• [Task to carry out] Every record must be given again word for word; no picture belongs in the copy.

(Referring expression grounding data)
- - -

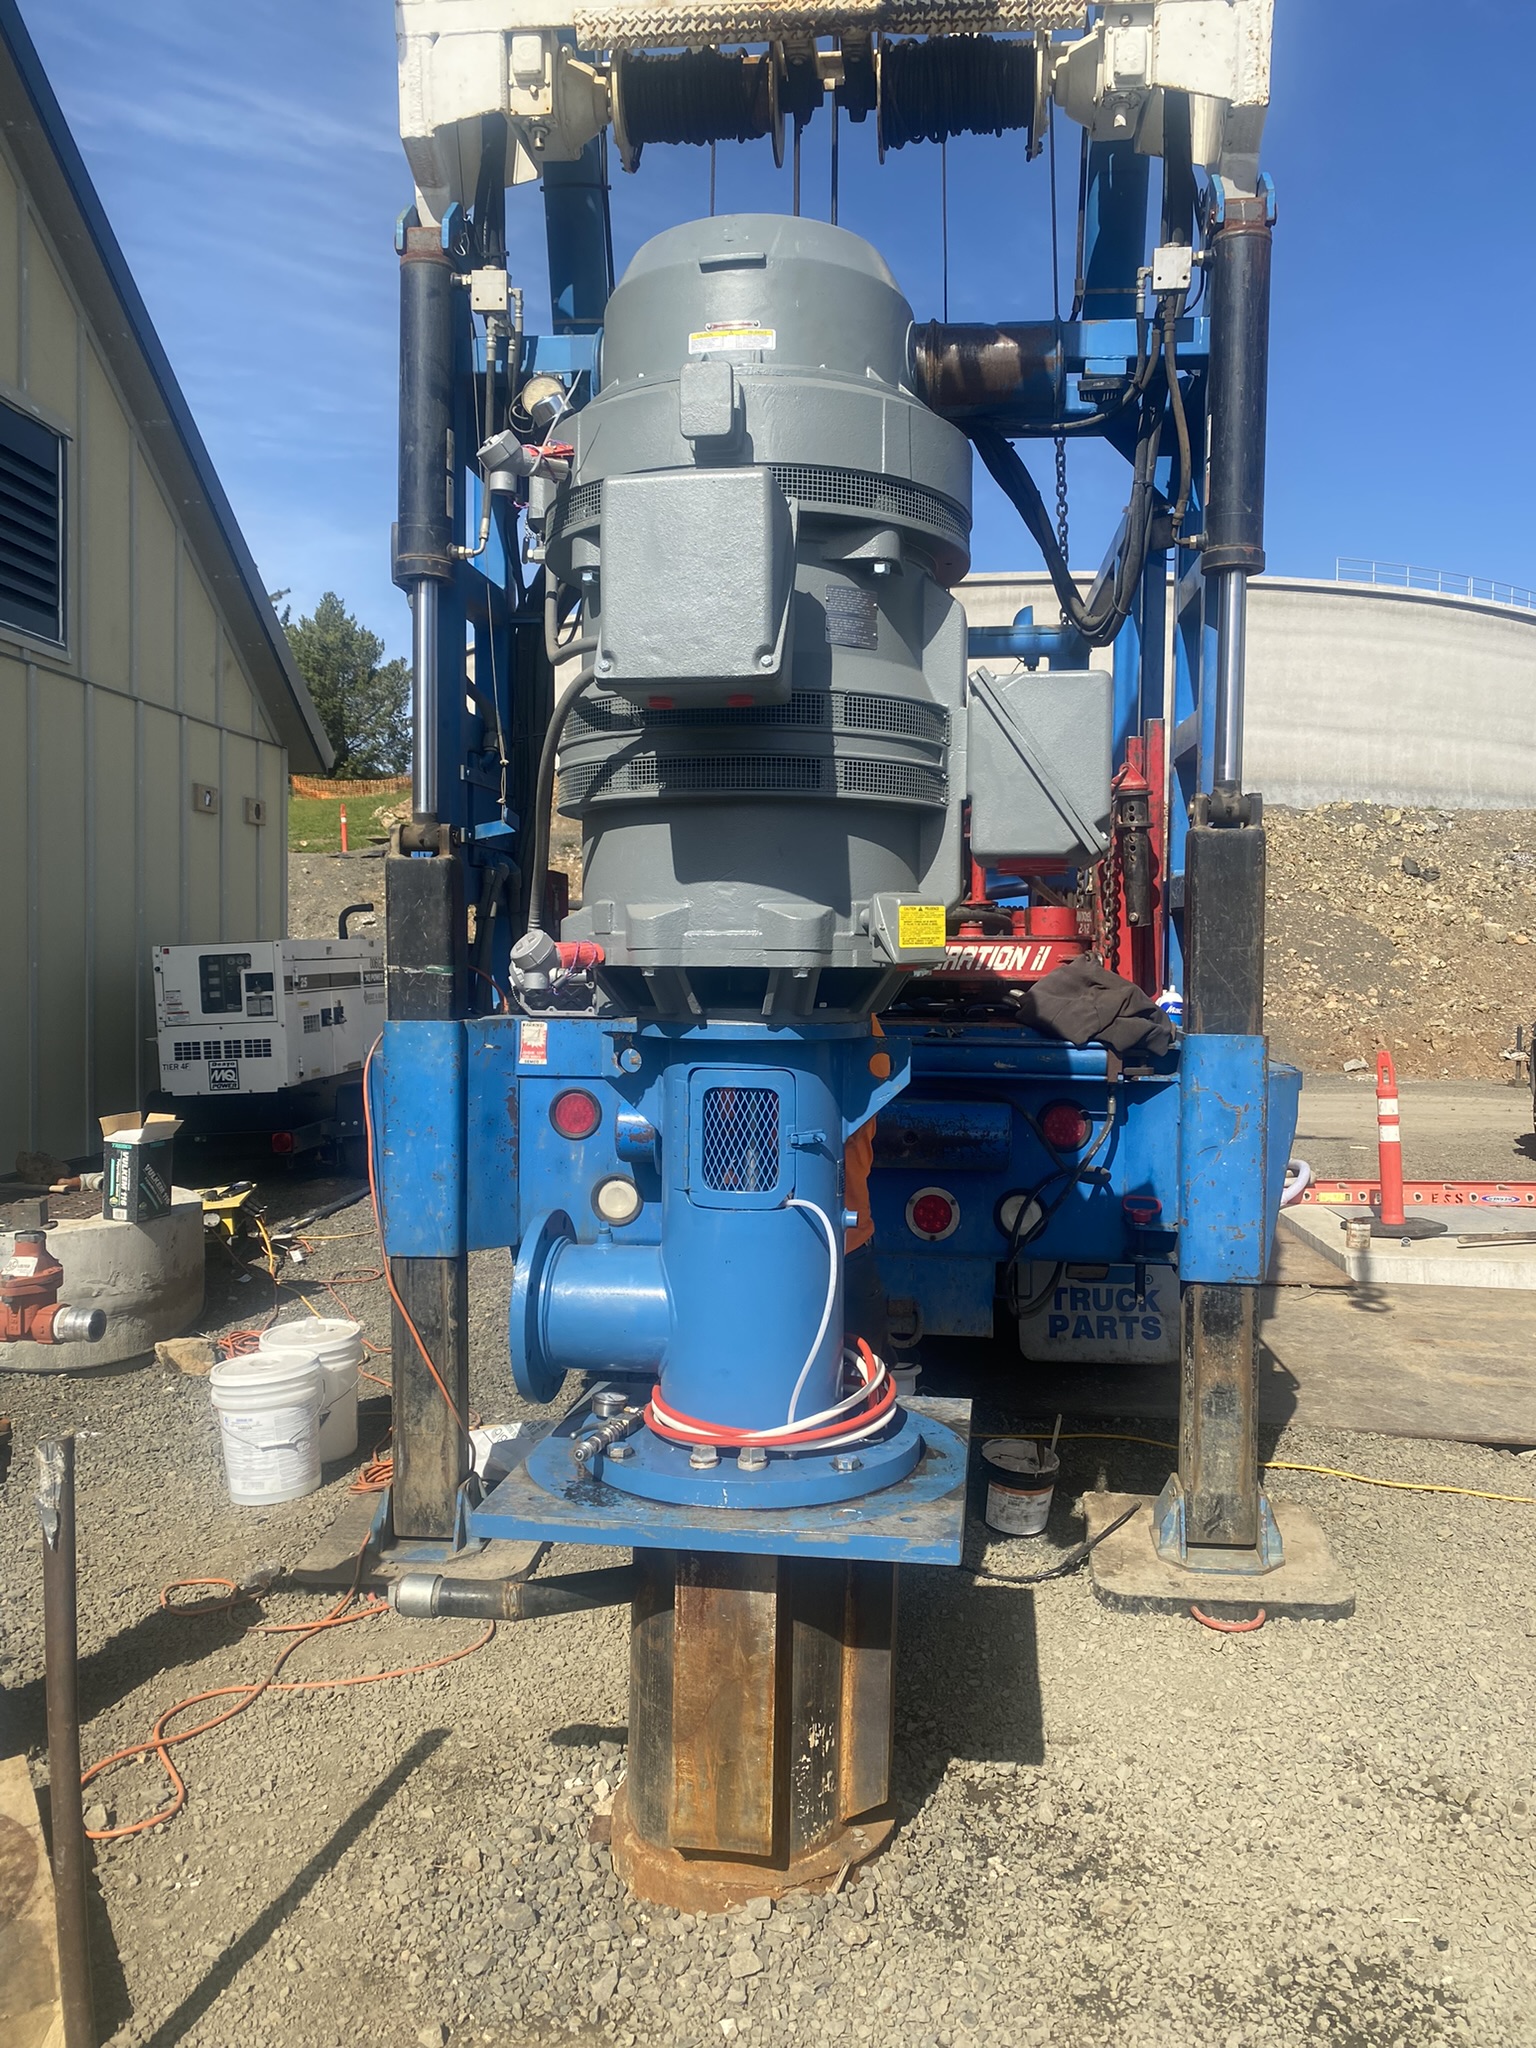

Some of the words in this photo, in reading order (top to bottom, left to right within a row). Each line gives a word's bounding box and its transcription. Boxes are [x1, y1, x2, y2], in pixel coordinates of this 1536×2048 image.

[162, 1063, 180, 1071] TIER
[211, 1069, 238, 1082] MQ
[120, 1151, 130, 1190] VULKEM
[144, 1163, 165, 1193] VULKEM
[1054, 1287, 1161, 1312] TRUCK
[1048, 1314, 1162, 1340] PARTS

- - -

• [Response to this exercise]
Some of the words in this photo, in reading order (top to bottom, left to right within a row). Each line gives a word's bounding box and its transcription. Boxes are [x1, y1, x2, y2], in pixel coordinates of this 1536×2048 image.

[162, 1063, 180, 1071] TIER
[211, 1069, 238, 1082] MQ
[120, 1151, 130, 1190] VULKEM
[144, 1163, 165, 1193] VULKEM
[1054, 1287, 1161, 1312] TRUCK
[1048, 1314, 1162, 1340] PARTS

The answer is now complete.